Appellant while contesting the above averments of the respondent submitted that he had not received any information till date, neither from the CPIO nor from the FAA, which was in contravention to the provisions of RTI Act, 2005.

Respondent while explaining the background of the matter informed that the Flats and Parking in the said Tower were also sold on the basis of the open lottery amongst the Applicants. To this, the appellant contested that so far he had not received any such letters regarding draw of the lottery for covered/ open parking. He also added that he desired all the information relating to the publication of draw of lottery/selection of open and covered parking/ announcement, etc.

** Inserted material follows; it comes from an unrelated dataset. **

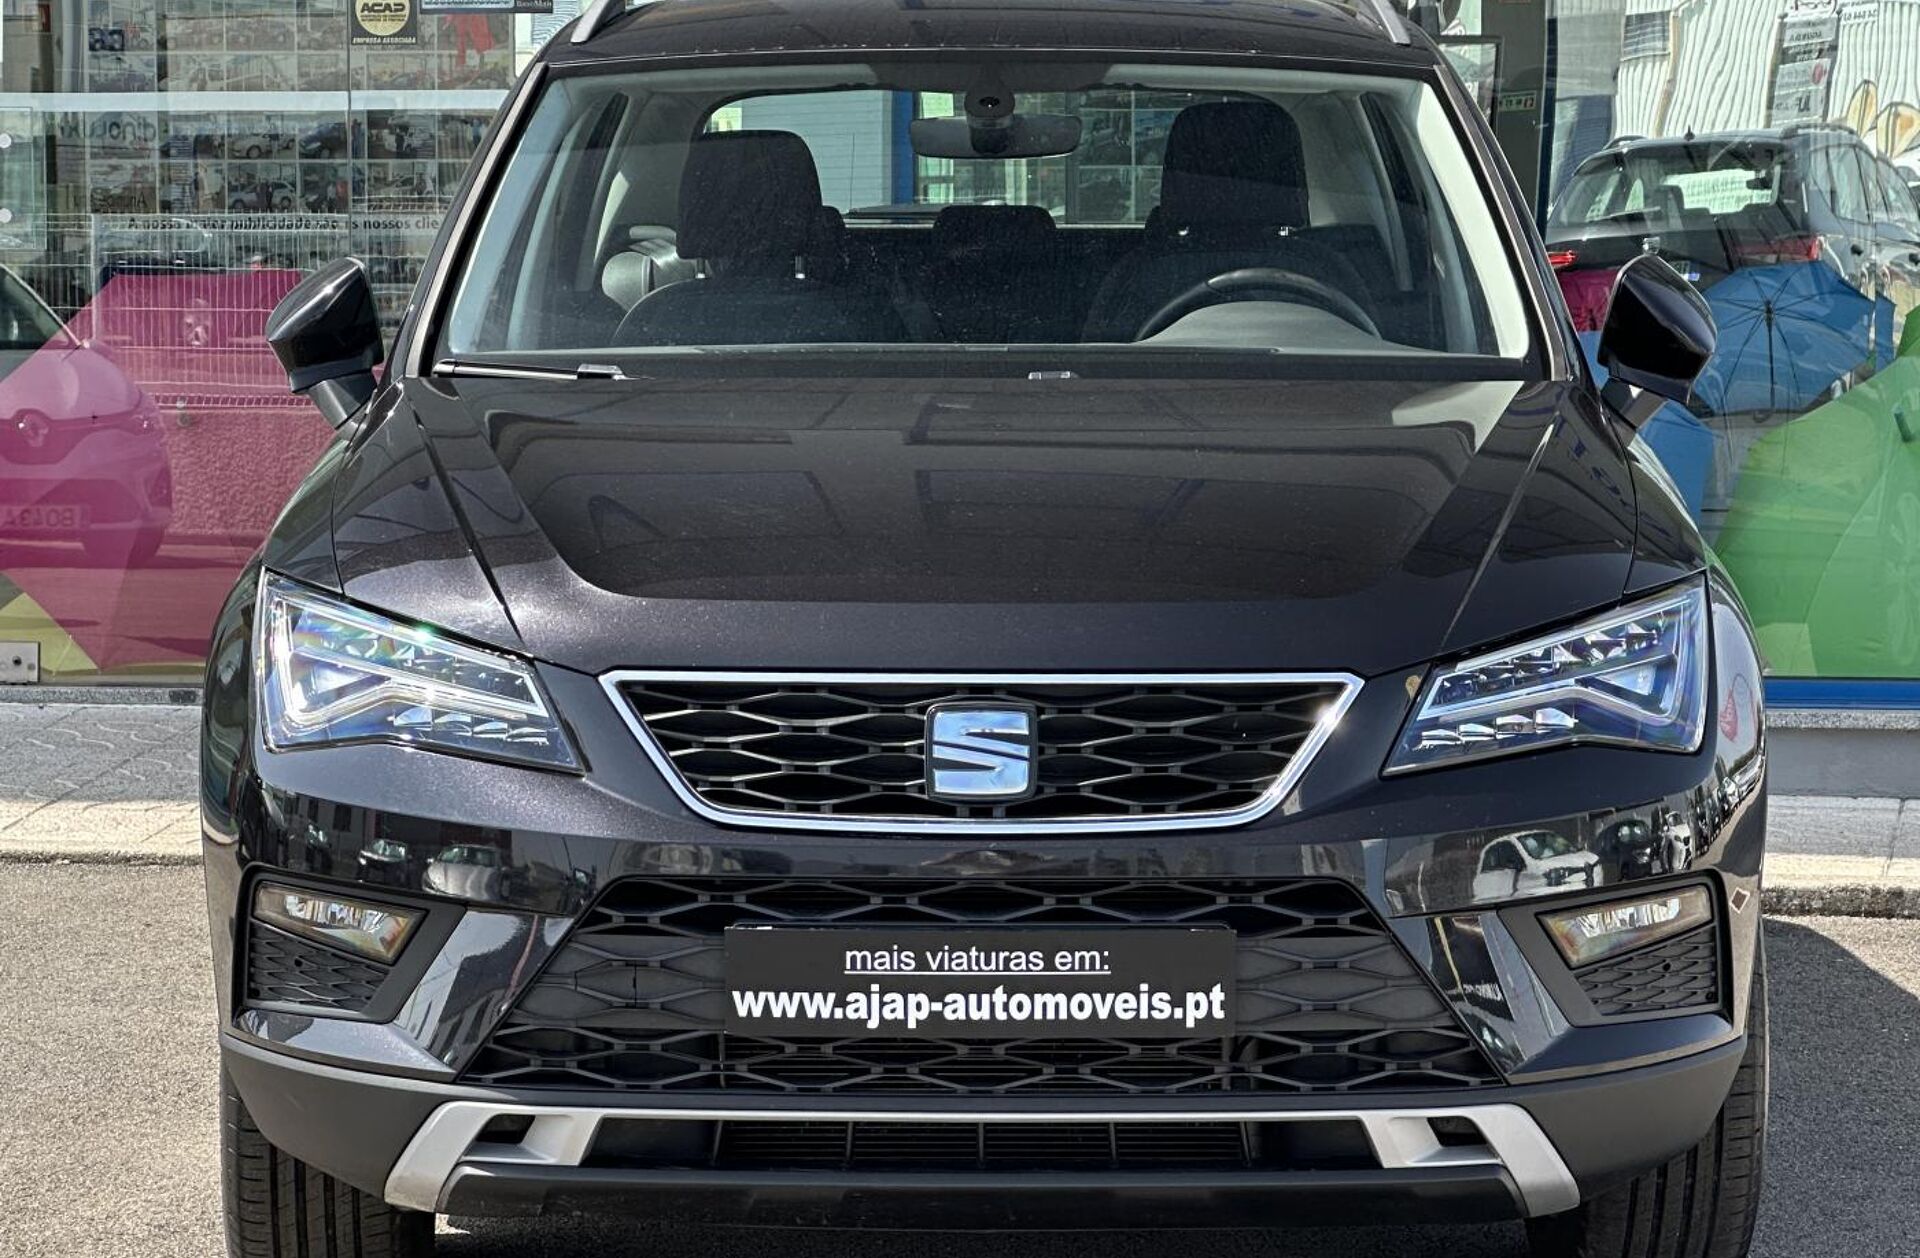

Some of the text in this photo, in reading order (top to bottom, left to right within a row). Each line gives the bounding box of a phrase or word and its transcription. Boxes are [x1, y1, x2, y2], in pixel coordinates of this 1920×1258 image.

However, the respondent agreed to forward the entire correspondences held with them to the appellant once again. On being queried by the Commission “whether the details relating to the allotment of flats/building plan/allottees details/procedure followed for allotment of covered parking and designation of the competent authority having power of deviating the Rules,” respondent replied in the negative and agreed to put it in the public domain.

Commission’s Observation

Commission while referring to the decision of Mujubur Rehman v. CIC, WP (C) 3845 of 2007, stated that timely response is the essence of RTI mechanism enacted to ensure transparency and accountability in the working of Public Authorities.

With regard to providing a clear and cogent response to the Appellant, the Commission referred to the decision of JP Aggarwal v. Union of India, WP (C) 7232 of 2009.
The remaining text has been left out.